Geof McKernan, CEO of Conshohocken, Pa.-based NSM Insurance Group, agrees with Baumgartner’s assessment on market conditions for the not for profit, social services sector. “There’s a lot of capacity out there, McKernan says. “The availability is strong. Prices are not going up; it’s a very competitive market right now.”

NIF’s Mogelnicki says in his view the overall insurance marketplace for social service organizations is somewhat limited in the number of carriers.
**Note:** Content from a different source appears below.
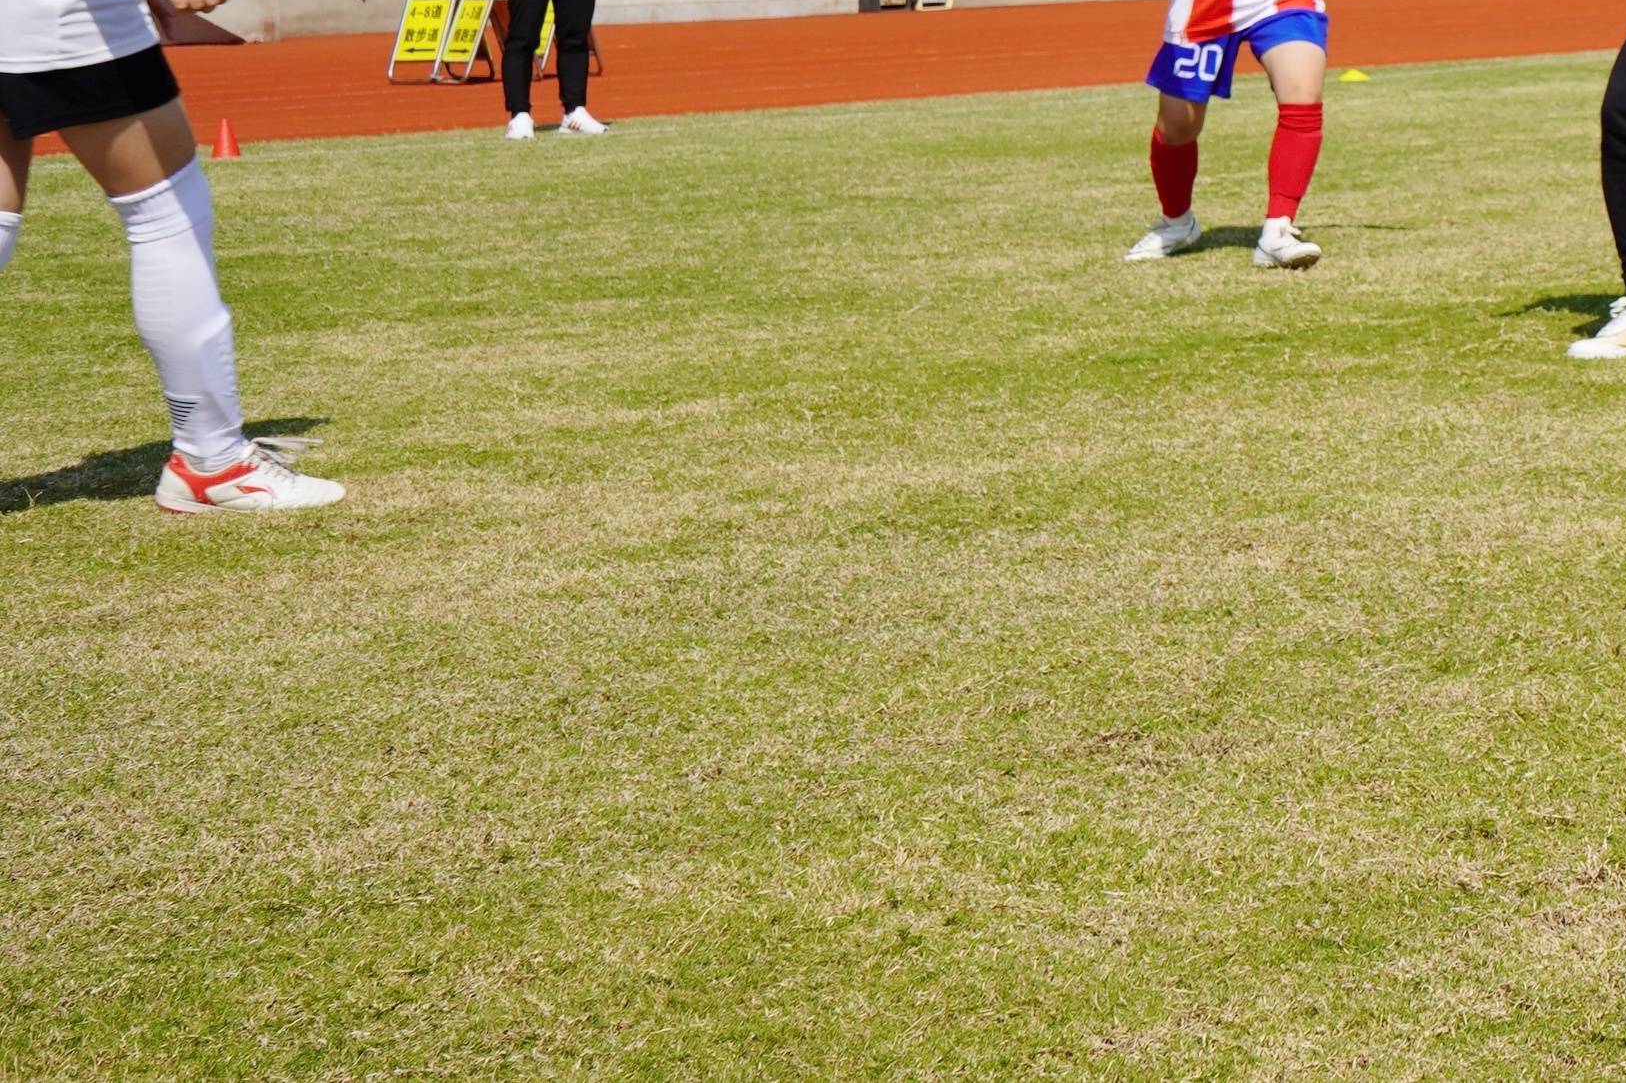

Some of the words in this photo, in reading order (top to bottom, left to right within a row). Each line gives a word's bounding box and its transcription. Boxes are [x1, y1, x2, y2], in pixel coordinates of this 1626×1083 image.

But at least one major carrier “has gained a tremendous amount of market share through significantly reduced pricing,” he said.

As a retail broker, Baumgartner worries a bit about new carriers entering the market and undercutting prices for the sector. “What we don’t want to see happen is new markets coming in because they are hungry and then driving the prices down and then losses skyrocket,” he says. “The key, as with any industry, is trying to evaluate those products and the underwriter’s knowledge because if you are a residential treatment facility or a developmental disability service provider versus mental health, or whatever, all those different groups have very unique risks.”

At the end of the day it doesn’t matter which carrier Baumgartner’s clients go with, as long as the client understand that the coverage meets their needs and the price is affordable. “That’s all that it comes down to,” he said.

Baumgartner, a former member of the Peace Corp and a longtime advocate for not-for-profits, says in general the not-for-profit sector is loyal when it comes to insurance.

“If they have been working with someone for a long period of time (and) if it’s a 5 to 10 percent difference they may just stay,” he says. “They are definitely loyal buyers and we take that into consideration.”

Loyalty might be one reason some providers target the industry. “We’re bullish on the market. We think social services is strong and will continue to be strong,” McKernan says.